Глава XXII. Заговор и программа
Васко обнял мать, принял ее объятия и ласки и вышел наконец из ведьминой таверны. Небо уже очистилось и было почти ясным. Молодой человек подошел к пристройке, примыкавшей к примитивно и грубо сработанной стене заведения, или, вернее, составлявшей часть оного, ибо в эту пристройку погонщики ставили своих мулов, — Васко вывел оттуда застоявшегося гнедого, который, дивясь тому, в сколь недостойное место попал, томился и ярился, ибо ему не терпелось вернуться в роскошные конюшни дворца. Юноша заговорил с ним, благородное и умное животное, узнав голос, тотчас же успокоилось и присмирело.
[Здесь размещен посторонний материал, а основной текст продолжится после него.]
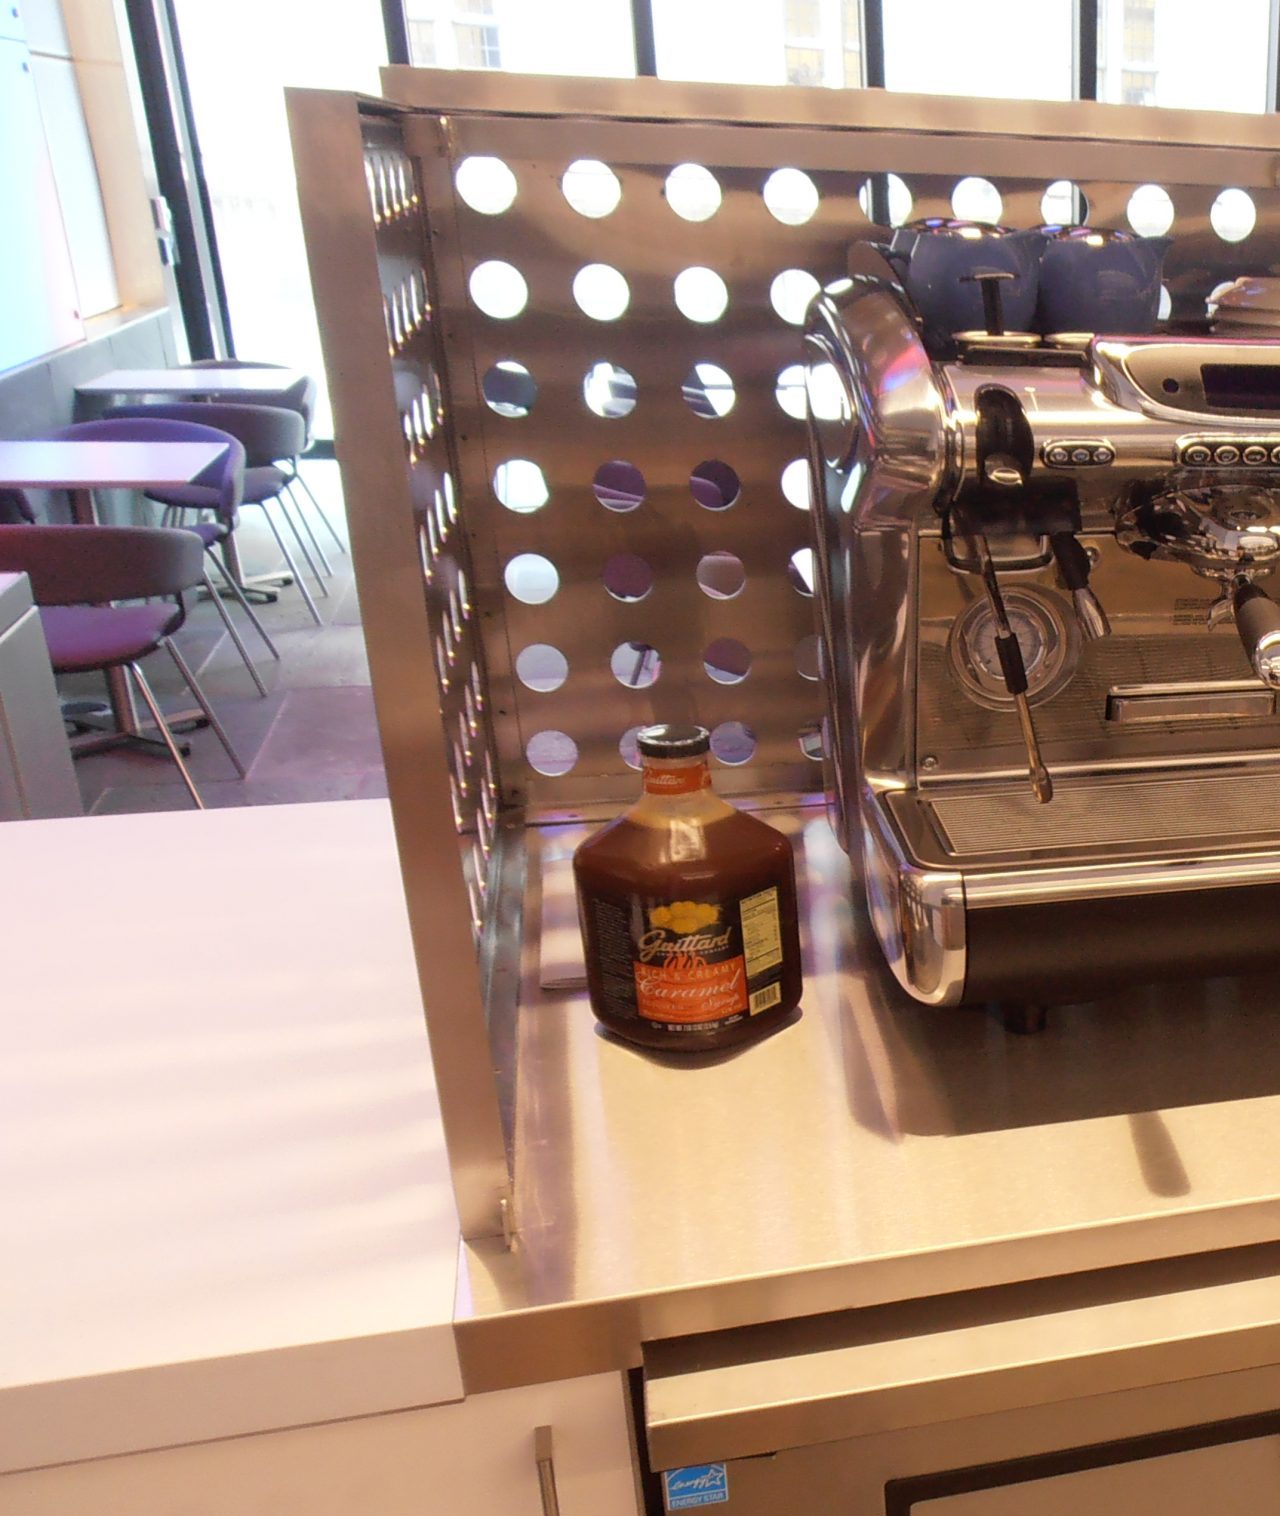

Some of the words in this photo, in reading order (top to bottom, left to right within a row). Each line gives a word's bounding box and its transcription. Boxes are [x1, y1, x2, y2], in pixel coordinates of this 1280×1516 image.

[639, 926, 733, 962] Guittard
[637, 967, 741, 998] Caramel
[687, 962, 736, 981] CREAMY
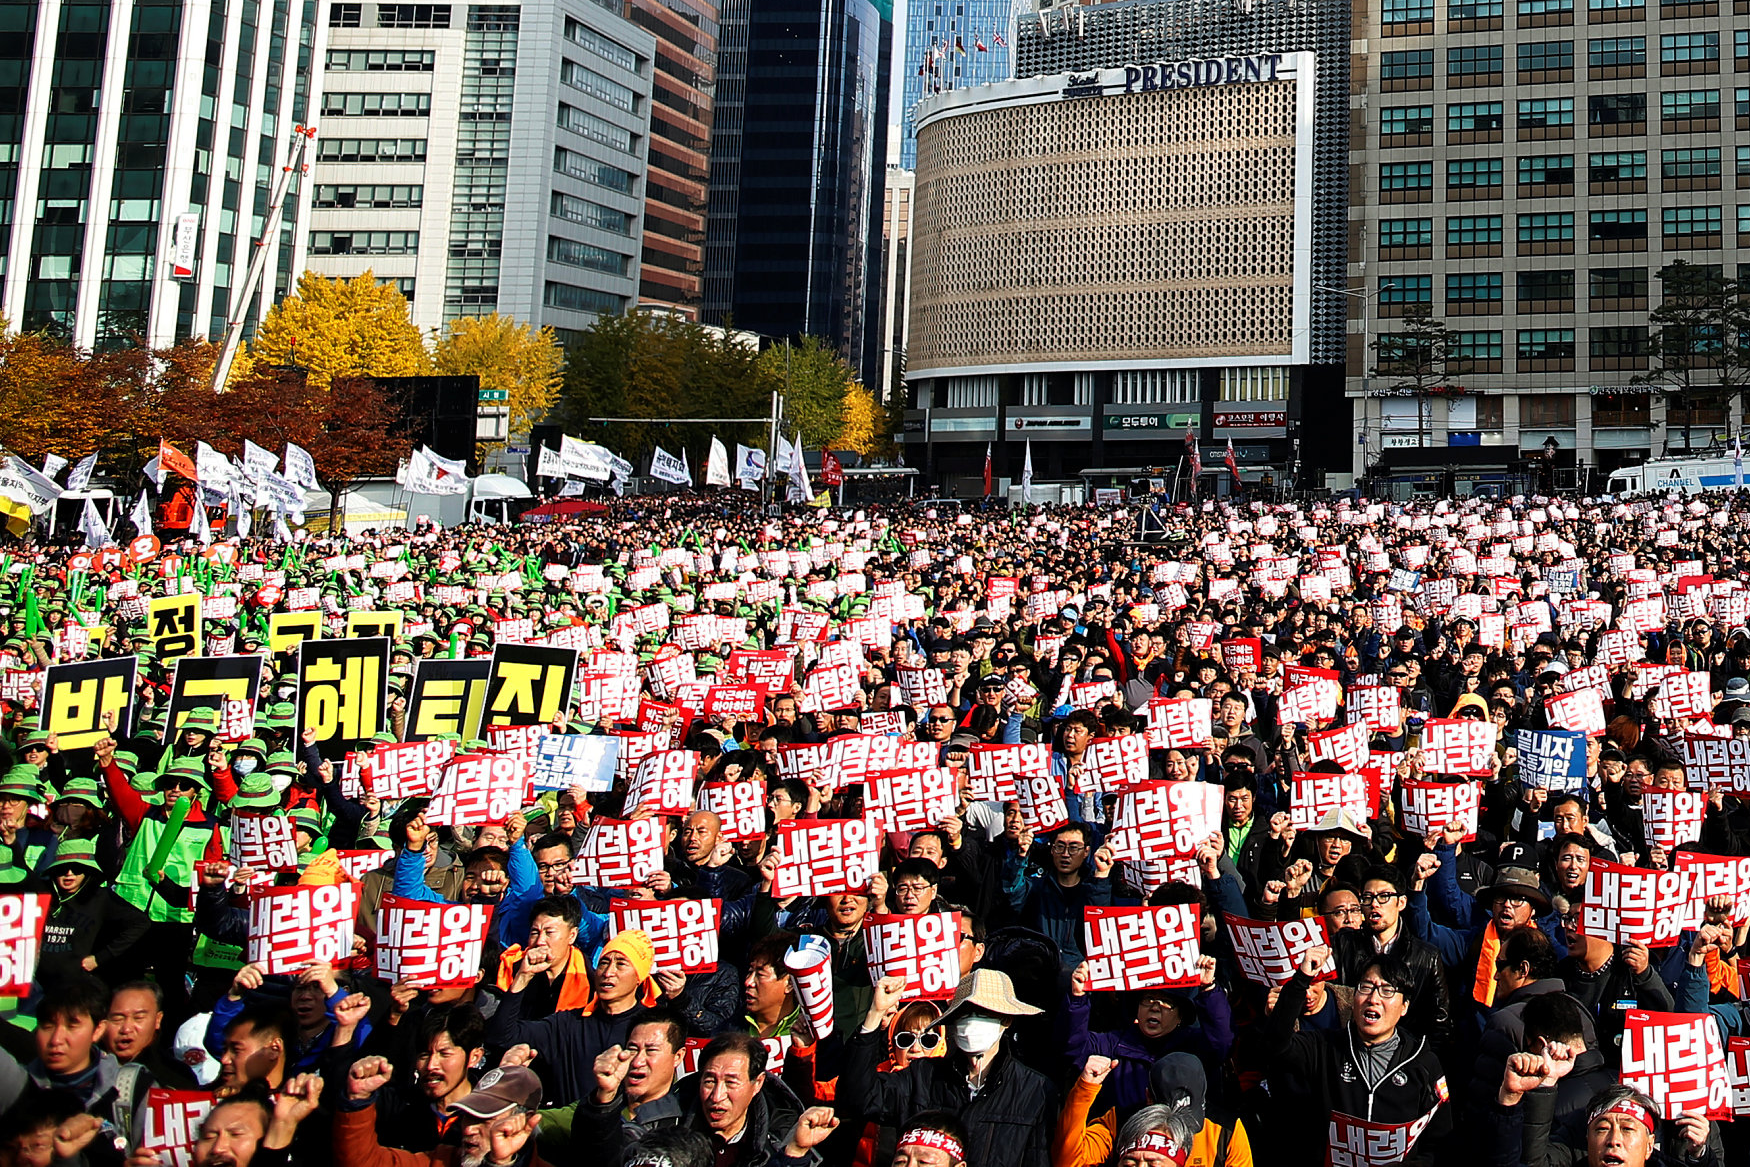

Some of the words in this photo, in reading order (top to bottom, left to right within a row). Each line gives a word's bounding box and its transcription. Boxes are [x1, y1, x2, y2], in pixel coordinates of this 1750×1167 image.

[1124, 54, 1282, 93] PRESIDENT
[1658, 478, 1694, 487] CHANNEL
[153, 605, 196, 659] 정
[749, 659, 792, 677] 박근혜
[1224, 645, 1254, 656] 박근혜는
[714, 688, 757, 700] 박근혜는
[900, 668, 944, 690] 내려와
[302, 653, 379, 749] 혜
[711, 700, 755, 712] 하야하라
[1147, 699, 1212, 729] 내려와
[1348, 687, 1399, 711] 내려와
[860, 713, 902, 733] 박근혜
[1422, 721, 1497, 751] 내려와
[1085, 735, 1146, 769] 내려와
[1517, 729, 1574, 759] 끝내자
[437, 756, 525, 803] 내려와
[628, 750, 698, 793] 내려와
[1518, 754, 1571, 778] 노동개악
[426, 787, 523, 823] 박근혜
[864, 767, 953, 807] 내려와
[1291, 774, 1367, 808] 내려와
[1401, 784, 1480, 816] 내려와
[581, 817, 663, 857] 내려와
[782, 820, 880, 867] 내려와
[1513, 847, 1523, 860] P
[777, 852, 879, 896] 박근혜
[1585, 869, 1697, 909] 내려와
[249, 886, 353, 936] 내려와
[377, 904, 485, 947] 내려와
[1583, 902, 1689, 946] 박근혜
[44, 925, 75, 936] VARSITY
[47, 934, 67, 943] 1973
[863, 911, 960, 964] 내려와
[1085, 904, 1197, 958] 내려와
[1227, 916, 1325, 959] 내려와
[377, 939, 483, 985] 박근혜
[1088, 937, 1201, 991] 박근혜
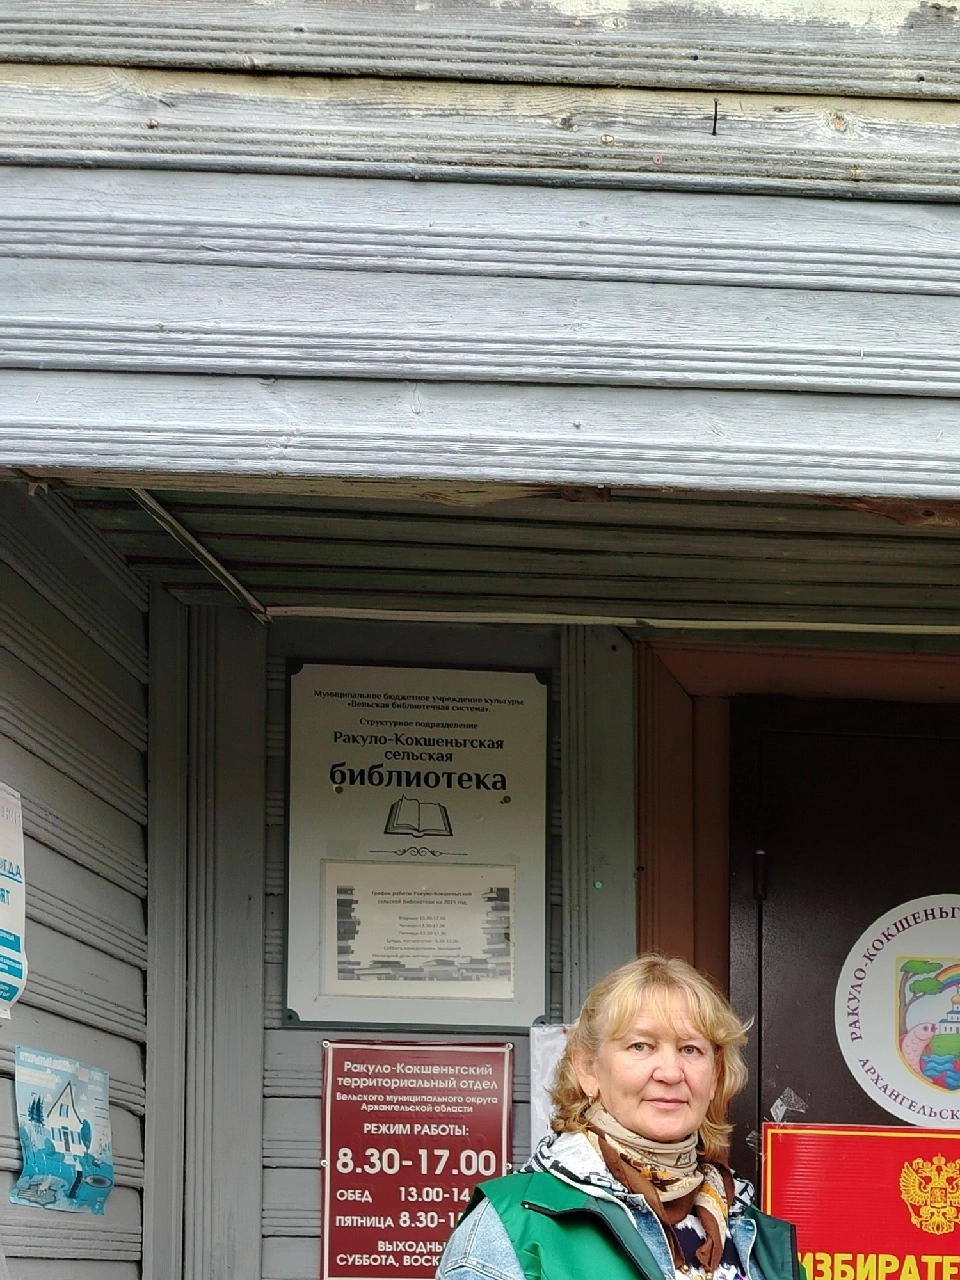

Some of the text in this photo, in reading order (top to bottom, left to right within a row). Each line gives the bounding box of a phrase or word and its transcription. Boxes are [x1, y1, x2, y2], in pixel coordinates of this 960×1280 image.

[383, 692, 430, 703] бюджетное
[432, 695, 482, 705] учреждение
[391, 702, 450, 711] библиотечная
[359, 717, 478, 730] Структурное подразделение
[333, 731, 504, 749] Ракуло-Кокшеньгская
[384, 750, 453, 762] сельская
[330, 761, 507, 791] библиотека
[343, 1060, 493, 1077] Ракуло-Кокшеньгский
[337, 1077, 499, 1091] территориальный отдел
[336, 1092, 498, 1106] Вельского муниципального округа
[360, 1102, 473, 1114] Архангельской области
[363, 1123, 470, 1137] РЕЖИМ РАБОТЫ:
[336, 1147, 497, 1177] 8.30-17.00
[336, 1189, 373, 1203] ОБЕД
[335, 1215, 395, 1229] ПЯТНИЦА
[336, 1254, 400, 1268] СУББОТА,
Едва ощутив у себя на гриве руку хозяина, а в стремени тяжесть его ноги, скакун, покорный и кроткий, склонился, подобно дромадеру, чтобы принять седока. Твердой и на диво уверенной рысью спустился он по обрывистым склонам Гайи, ни разу не оступившись и не поскользнувшись ни передними, ни задними копытами о вылетавшие из-под них и катившиеся вниз по круче камни и гальку.